ASSIGNMENT.
The records that follow should be returned exactly, pictures excluded.

(Annotated photo localization data)

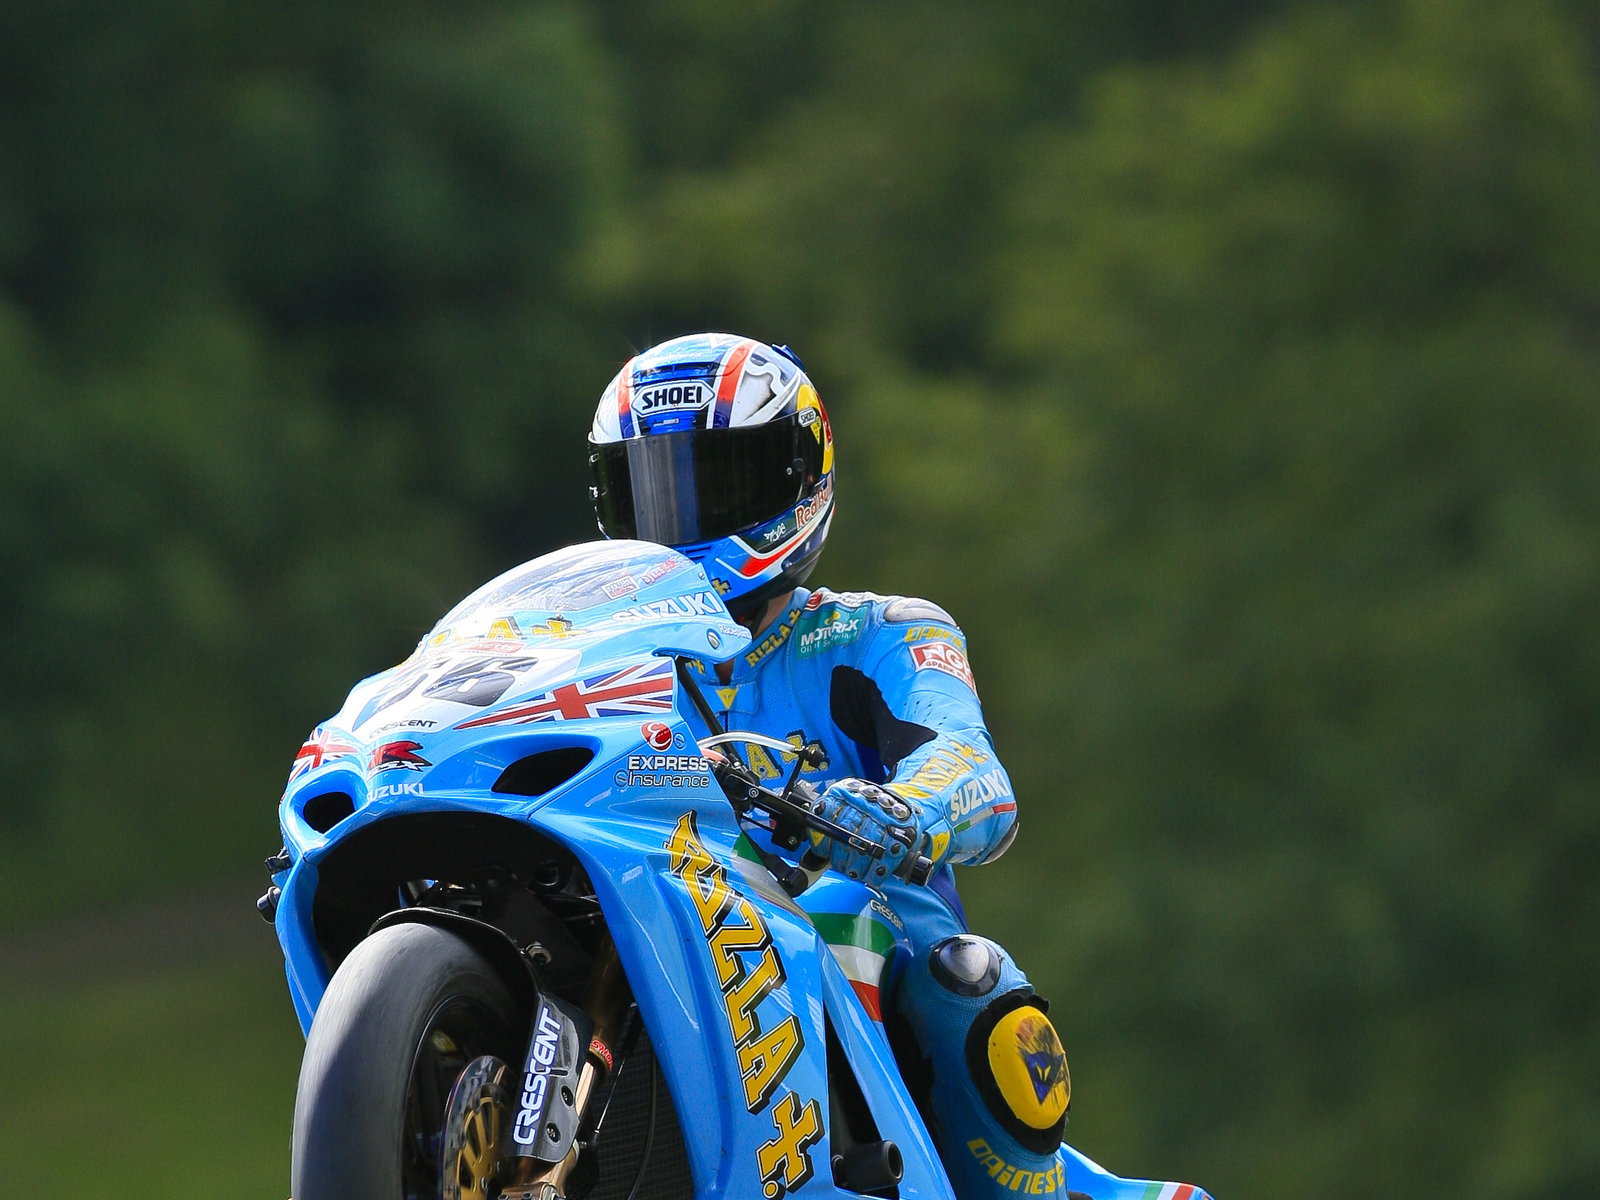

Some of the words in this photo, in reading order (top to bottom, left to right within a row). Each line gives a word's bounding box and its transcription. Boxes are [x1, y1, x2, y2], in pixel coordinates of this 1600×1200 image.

[641, 386, 703, 410] SHOEI
[610, 591, 726, 620] SUZUKI
[628, 755, 710, 771] EXPRESS
[628, 771, 710, 787] Insurance
[950, 768, 1012, 822] SUZUKI
[513, 1007, 561, 1145] CRESCENT

SOLUTION FOR THIS PROBLEM.
Some of the words in this photo, in reading order (top to bottom, left to right within a row). Each line gives a word's bounding box and its transcription. Boxes are [x1, y1, x2, y2], in pixel coordinates of this 1600×1200 image.

[641, 386, 703, 410] SHOEI
[610, 591, 726, 620] SUZUKI
[628, 755, 710, 771] EXPRESS
[628, 771, 710, 787] Insurance
[950, 768, 1012, 822] SUZUKI
[513, 1007, 561, 1145] CRESCENT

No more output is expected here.